Image-backed grounding data:
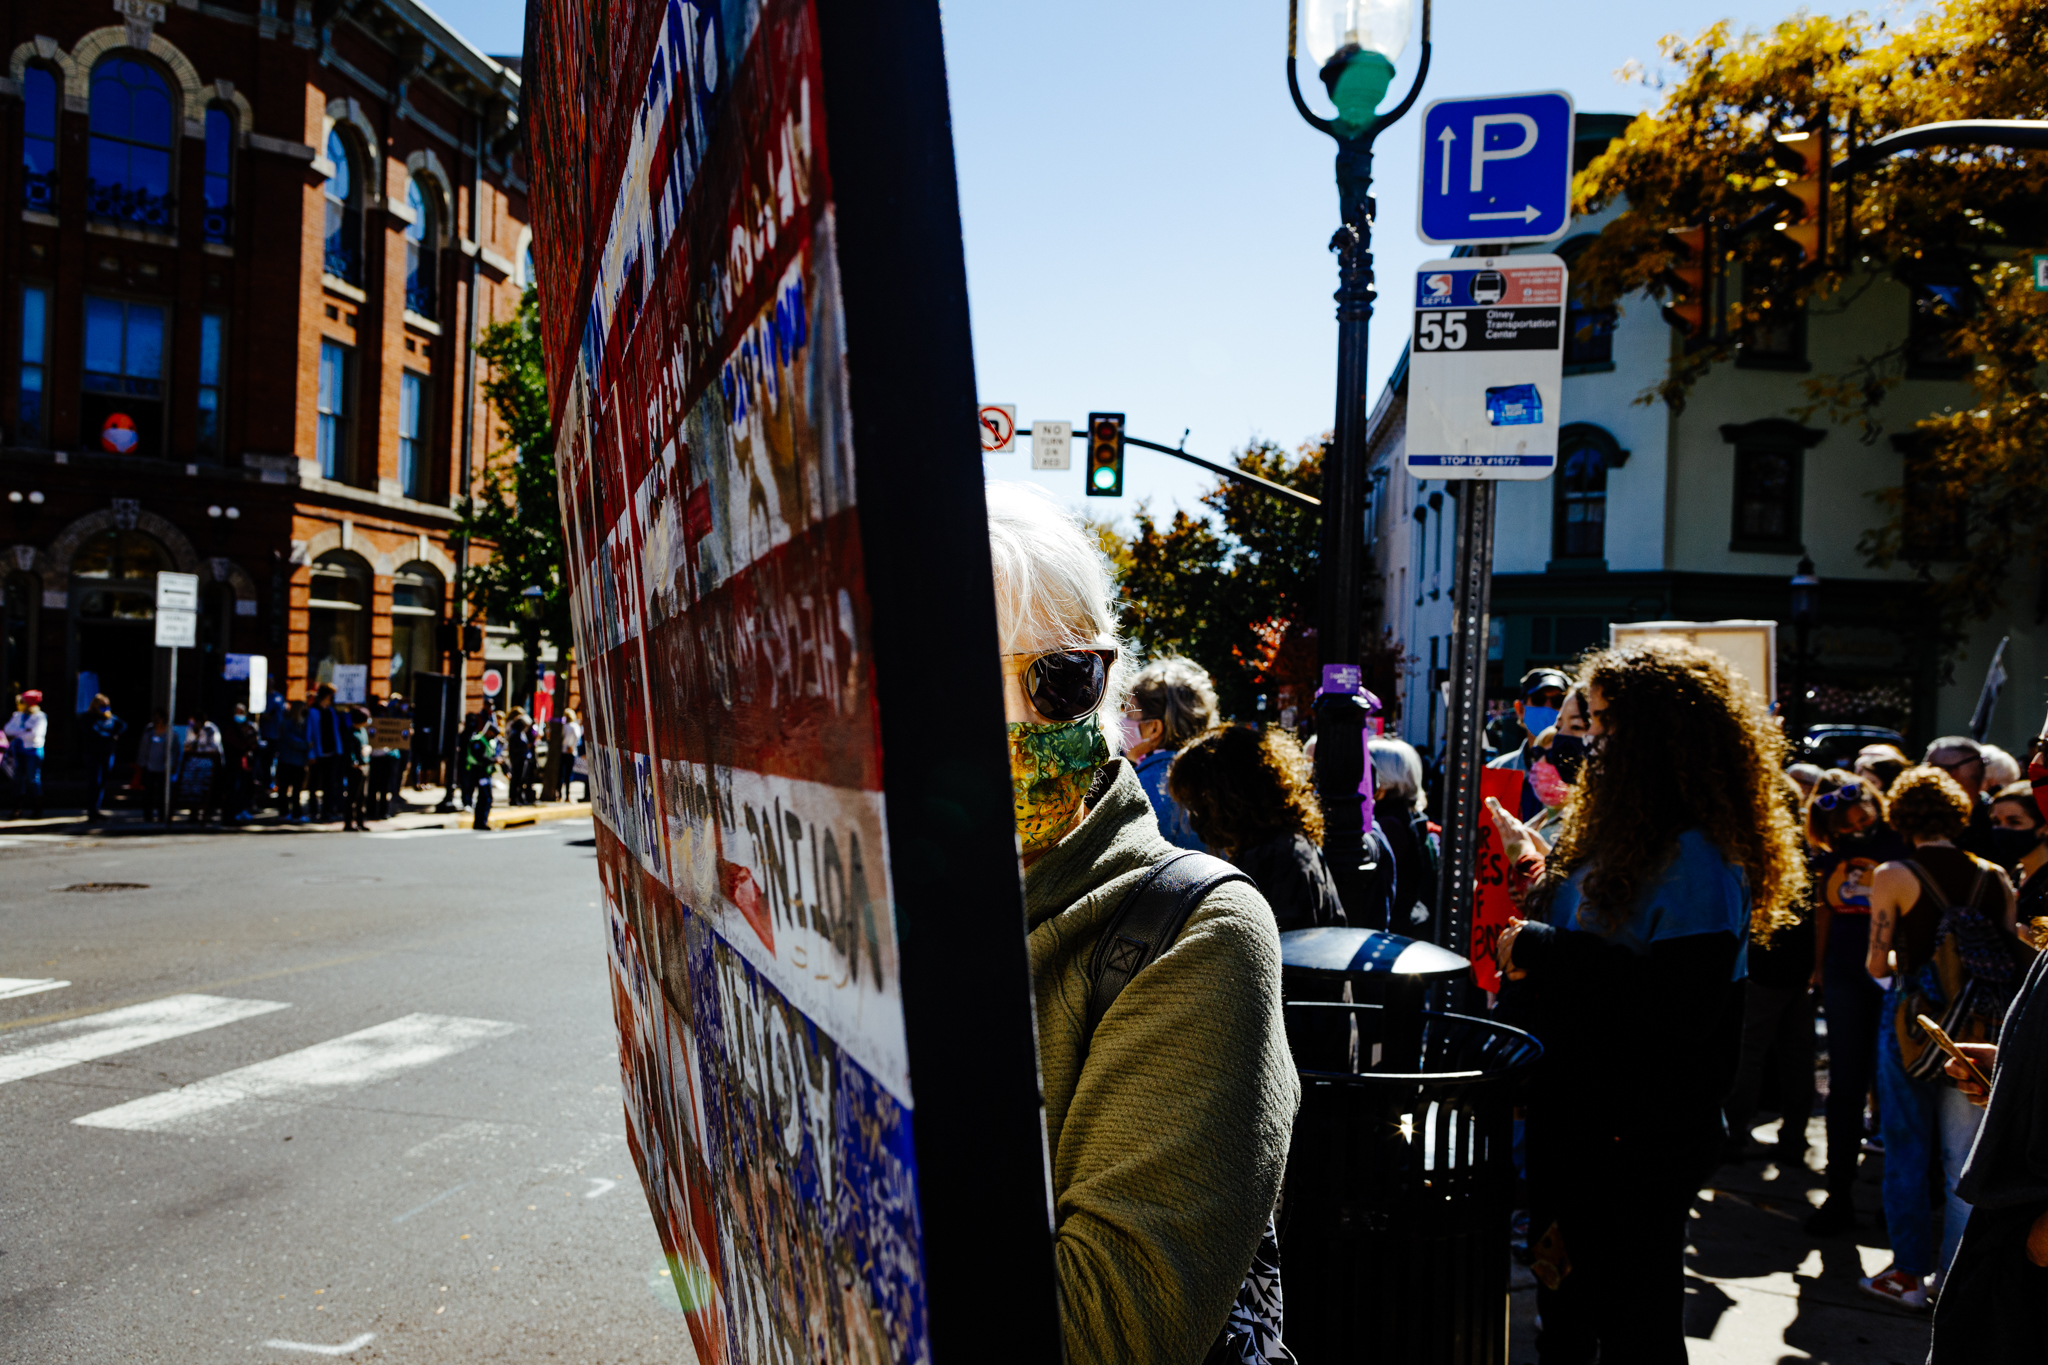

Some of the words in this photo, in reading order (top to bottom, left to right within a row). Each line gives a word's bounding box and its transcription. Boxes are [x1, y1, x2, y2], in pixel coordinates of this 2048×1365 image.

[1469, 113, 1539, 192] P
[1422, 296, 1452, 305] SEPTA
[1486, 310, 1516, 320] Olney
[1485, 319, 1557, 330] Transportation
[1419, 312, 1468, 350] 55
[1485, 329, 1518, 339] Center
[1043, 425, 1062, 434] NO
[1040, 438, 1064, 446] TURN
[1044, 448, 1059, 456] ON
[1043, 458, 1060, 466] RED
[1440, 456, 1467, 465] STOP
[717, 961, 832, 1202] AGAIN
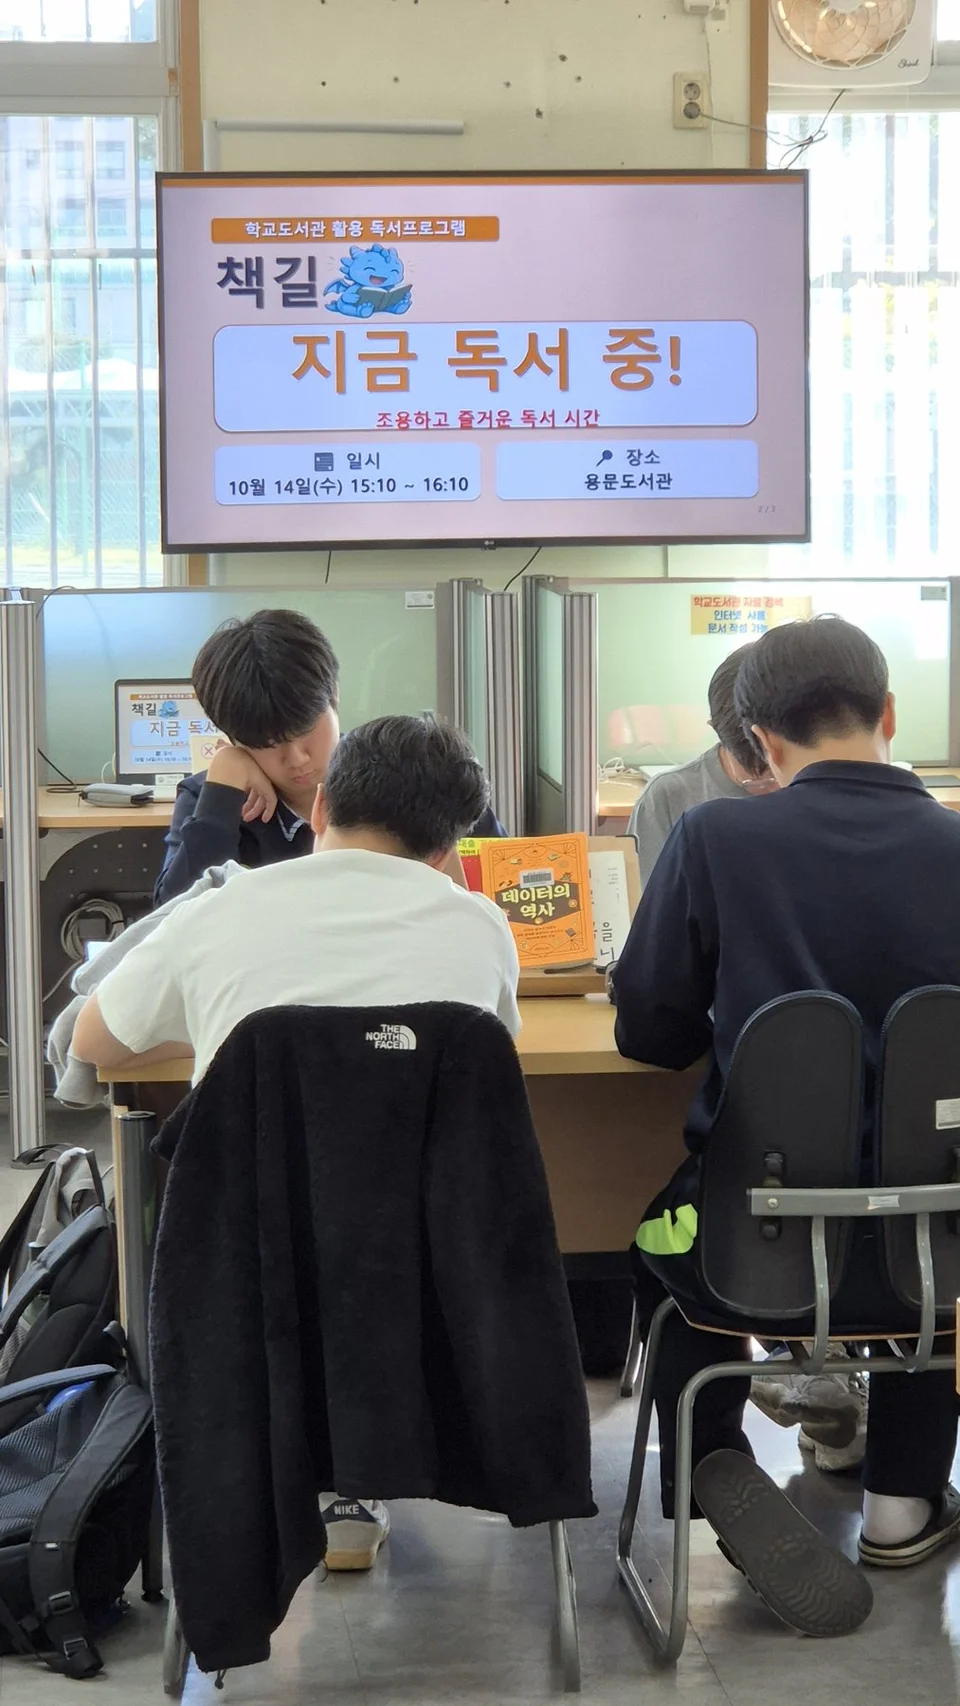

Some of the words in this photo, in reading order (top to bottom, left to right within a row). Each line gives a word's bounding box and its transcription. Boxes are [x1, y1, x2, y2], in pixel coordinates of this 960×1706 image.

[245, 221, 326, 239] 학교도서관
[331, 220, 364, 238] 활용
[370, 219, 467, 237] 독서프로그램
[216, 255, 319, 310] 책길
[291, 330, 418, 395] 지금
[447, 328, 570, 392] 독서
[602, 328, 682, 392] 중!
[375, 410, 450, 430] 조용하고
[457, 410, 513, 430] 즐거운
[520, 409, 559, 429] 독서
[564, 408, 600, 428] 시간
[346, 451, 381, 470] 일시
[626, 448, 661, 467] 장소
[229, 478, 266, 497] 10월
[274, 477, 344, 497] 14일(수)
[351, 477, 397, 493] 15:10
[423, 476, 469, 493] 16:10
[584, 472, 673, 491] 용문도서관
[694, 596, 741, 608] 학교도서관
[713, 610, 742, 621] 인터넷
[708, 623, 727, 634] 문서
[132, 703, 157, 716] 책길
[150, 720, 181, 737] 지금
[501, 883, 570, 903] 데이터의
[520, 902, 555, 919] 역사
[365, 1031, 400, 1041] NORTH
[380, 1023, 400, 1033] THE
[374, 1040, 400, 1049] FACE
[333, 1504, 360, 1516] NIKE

*TASK STATEMENT*:
Quote the preceding records in their entirety, excluding every picture.

*OUTPUT FOR THIS TASK*:
Some of the words in this photo, in reading order (top to bottom, left to right within a row). Each line gives a word's bounding box and its transcription. Boxes are [x1, y1, x2, y2], in pixel coordinates of this 2048×1365 image.

[1469, 113, 1539, 192] P
[1422, 296, 1452, 305] SEPTA
[1486, 310, 1516, 320] Olney
[1485, 319, 1557, 330] Transportation
[1419, 312, 1468, 350] 55
[1485, 329, 1518, 339] Center
[1043, 425, 1062, 434] NO
[1040, 438, 1064, 446] TURN
[1044, 448, 1059, 456] ON
[1043, 458, 1060, 466] RED
[1440, 456, 1467, 465] STOP
[717, 961, 832, 1202] AGAIN

Some of the words in this photo, in reading order (top to bottom, left to right within a row). Each line gives a word's bounding box and its transcription. Boxes are [x1, y1, x2, y2], in pixel coordinates of this 960×1706 image.

[245, 221, 326, 239] 학교도서관
[331, 220, 364, 238] 활용
[370, 219, 467, 237] 독서프로그램
[216, 255, 319, 310] 책길
[291, 330, 418, 395] 지금
[447, 328, 570, 392] 독서
[602, 328, 682, 392] 중!
[375, 410, 450, 430] 조용하고
[457, 410, 513, 430] 즐거운
[520, 409, 559, 429] 독서
[564, 408, 600, 428] 시간
[346, 451, 381, 470] 일시
[626, 448, 661, 467] 장소
[229, 478, 266, 497] 10월
[274, 477, 344, 497] 14일(수)
[351, 477, 397, 493] 15:10
[423, 476, 469, 493] 16:10
[584, 472, 673, 491] 용문도서관
[694, 596, 741, 608] 학교도서관
[713, 610, 742, 621] 인터넷
[708, 623, 727, 634] 문서
[132, 703, 157, 716] 책길
[150, 720, 181, 737] 지금
[501, 883, 570, 903] 데이터의
[520, 902, 555, 919] 역사
[365, 1031, 400, 1041] NORTH
[380, 1023, 400, 1033] THE
[374, 1040, 400, 1049] FACE
[333, 1504, 360, 1516] NIKE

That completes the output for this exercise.